NLTK #MachineLearning

Library

import nltk
nltk.download('punkt')

from nltk.tokenize import sent_tokenize
from nltk.tokenize import word_tokenize

nltk.download('stopwords')
from nltk.corpus import stopwords
from nltk.stem import PorterStemmer

Example 1

nltk.download('state_union')
from nltk.corpus import state_union

train_text = state_union.raw("2005-GWBush.txt")
sample_text = state_union.raw("2006-GWBush.txt")
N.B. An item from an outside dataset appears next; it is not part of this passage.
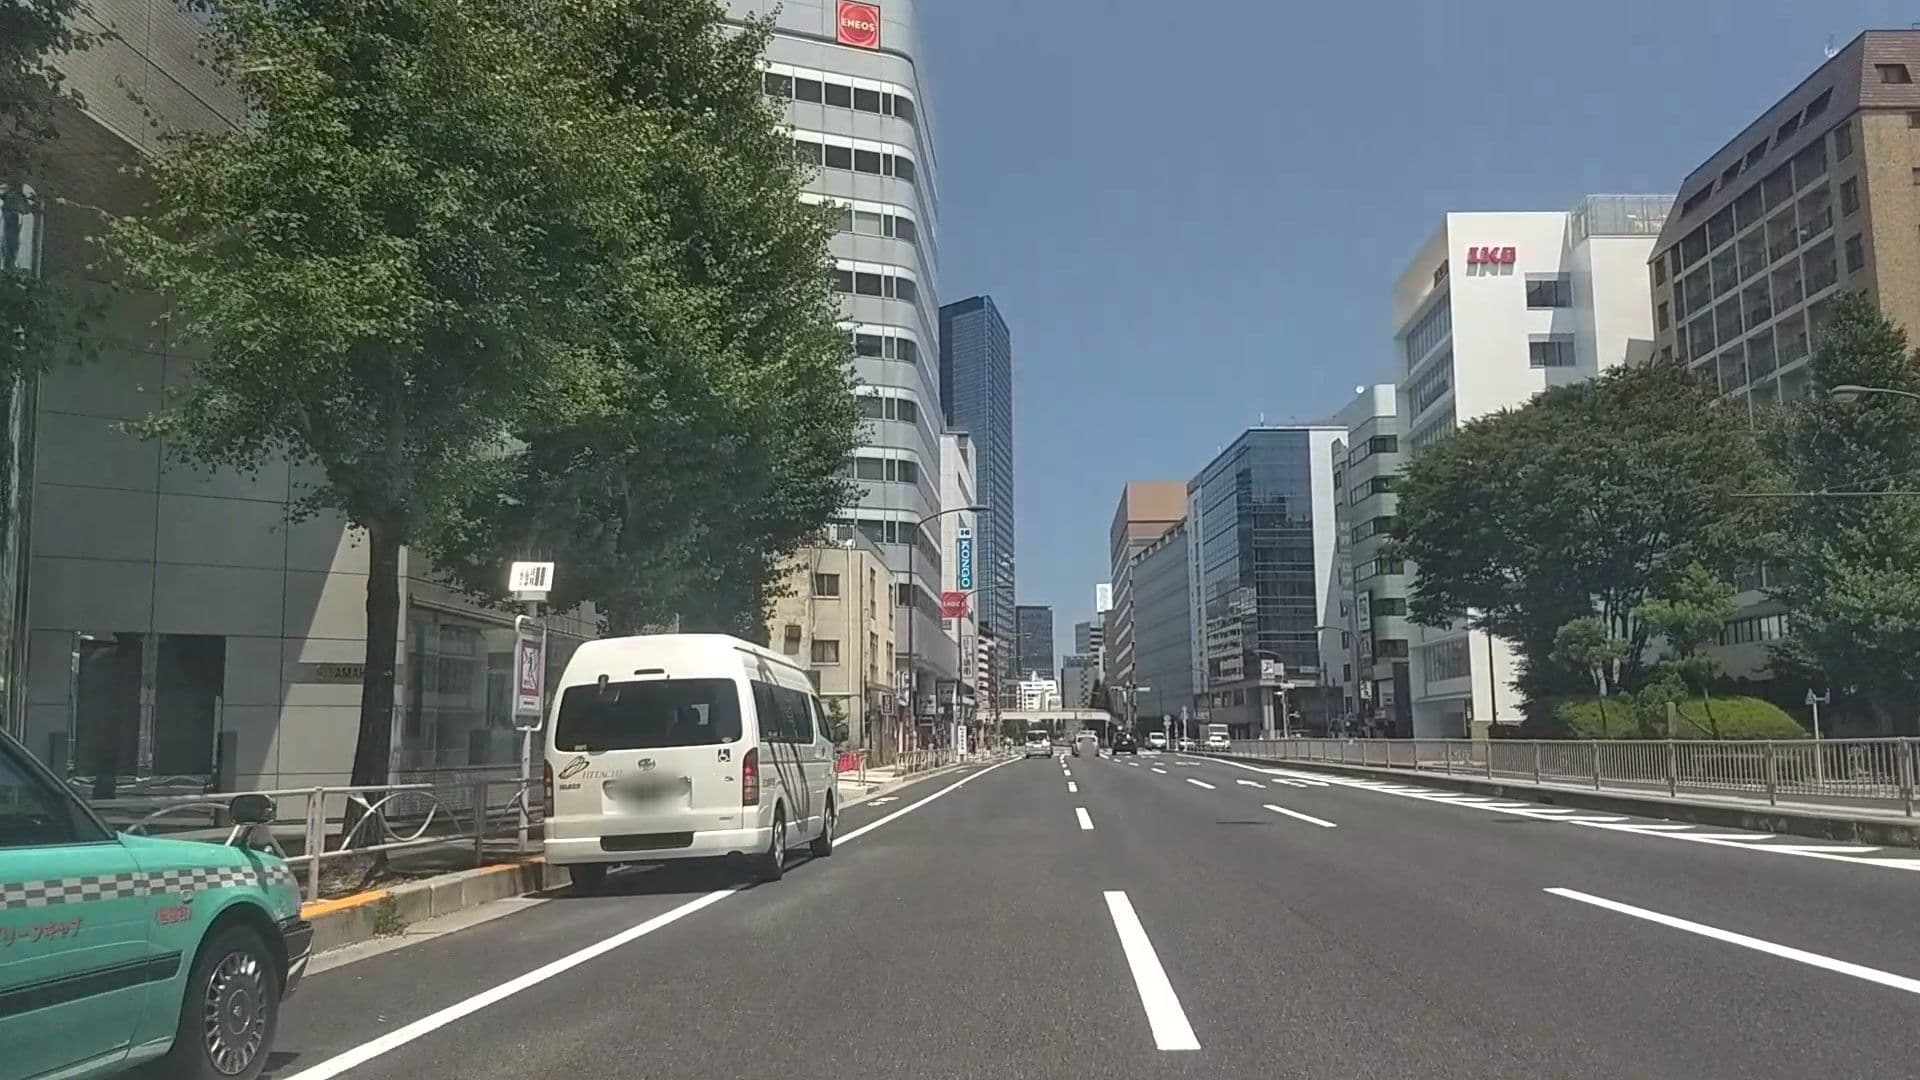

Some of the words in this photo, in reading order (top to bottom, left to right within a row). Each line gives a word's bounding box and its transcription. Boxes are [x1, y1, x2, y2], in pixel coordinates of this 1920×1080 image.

word_tokens = word_tokenize(train_text)
sentence_tokens = sent_tokenize(train_text)

print (len(word_tokens))
print (word_tokens[:5])
print ()
print (len(sentence_tokens))
print (sentence_tokens[:2])

stop_words = stopwords.words('english')
symbol = ["'", '"', ':', ';', '.', ',', '-', '!', '?', "'s", '(', ')', '_']

word_selected = [w.lower() for w in word_tokens if w.lower() not in stop_words + symbol]
print (len(word_selected))
print (word_selected[:10])

frequency = nltk.FreqDist(word_selected)

print (frequency['president'])
print (frequency['union'])

plt.figure(figsize=(10, 5))
frequency.plot(30,cumulative=True)

plt.figure(figsize=(10, 5))
frequency.plot(30,cumulative=False)

Example 2 (Movie reviews)

import numpy as np
import nltk
nltk.download('punkt')

from nltk.tokenize import sent_tokenize, word_tokenize

from nltk.corpus import stopwords
nltk.download('stopwords')

from nltk.corpus import movie_reviews
nltk.download('movie_reviews')

import random

print ('# of pos: ', len(movie_reviews.fileids('pos')))
print ('# of neg: ', len(movie_reviews.fileids('neg')))

%%time

stop_words = stopwords.words('english')
symbol = ["'", '"', ':', ';', '.', ',', '-', '!', '?', "'s", '(', ')', '_']

all_words = []
for w in movie_reviews.words():
  if w.lower() not in stop_words + symbol:
    all_words.append(w.lower())

all_words = nltk.FreqDist(all_words)

print ('# of words: ', len(all_words))
print (all_words.most_common(5))
print (all_words['like'])

#word_features = list(all_words.keys())[:3000]

word_features = []
for w in dict(all_words.most_common(3000)).keys():
  word_features.append(w)

print (word_features[:10])

def find_features(document):
  words = set(document)
  features = {}
  for w in word_features:
    features[w] = (w in words)

  return features

documents = [(list(movie_reviews.words(fileid)), category)
             for category in movie_reviews.categories()
             for fileid in movie_reviews.fileids(category)]

random.shuffle(documents)

data = [(find_features(doc), category) for (doc, category) in documents]

print (np.array(data).shape)
print (data[0][0])
print (data[0][1])

data_train = data[:1800]
data_test = data[1800:]

nb = nltk.NaiveBayesClassifier.train(data_train)

print ('NaiveBayes accuracy: ', nltk.classify.accuracy(nb, data_test))

nb.show_most_informative_features(15)

#saving
import pickle

path = '/content/gdrive/My Drive/MILIZE/'

save_nb = open(path+'naivebayes.pickle', 'wb')
pickle.dump(nb, save_nb)
save_nb.close()

saved_nb = open(path+'naivebayes.pickle', "rb")
nb_2 = pickle.load(saved_nb)
saved_nb.close()

#sklearn
from nltk.classify.scikitlearn import SklearnClassifier
from sklearn.naive_bayes import MultinomialNB,BernoulliNB

from sklearn.linear_model import LogisticRegression, SGDClassifier
from sklearn.svm import SVC, LinearSVC, NuSVC

mnb = SklearnClassifier(MultinomialNB())
mnb.train(data_train)
print("MultinomialNB accuracy:", nltk.classify.accuracy(mnb, data_test))

bnb = SklearnClassifier(BernoulliNB())
bnb.train(data_train)
print("BernoulliNB accuracy percent:",nltk.classify.accuracy(bnb, data_test))

lr = SklearnClassifier(LogisticRegression())
lr.train(data_train)
print("Logistic Regression accuracy:", nltk.classify.accuracy(lr, data_test))

svc = SklearnClassifier(SVC())
svc.train(data_train)
print("SVC accuracy percent:",nltk.classify.accuracy(svc, data_test))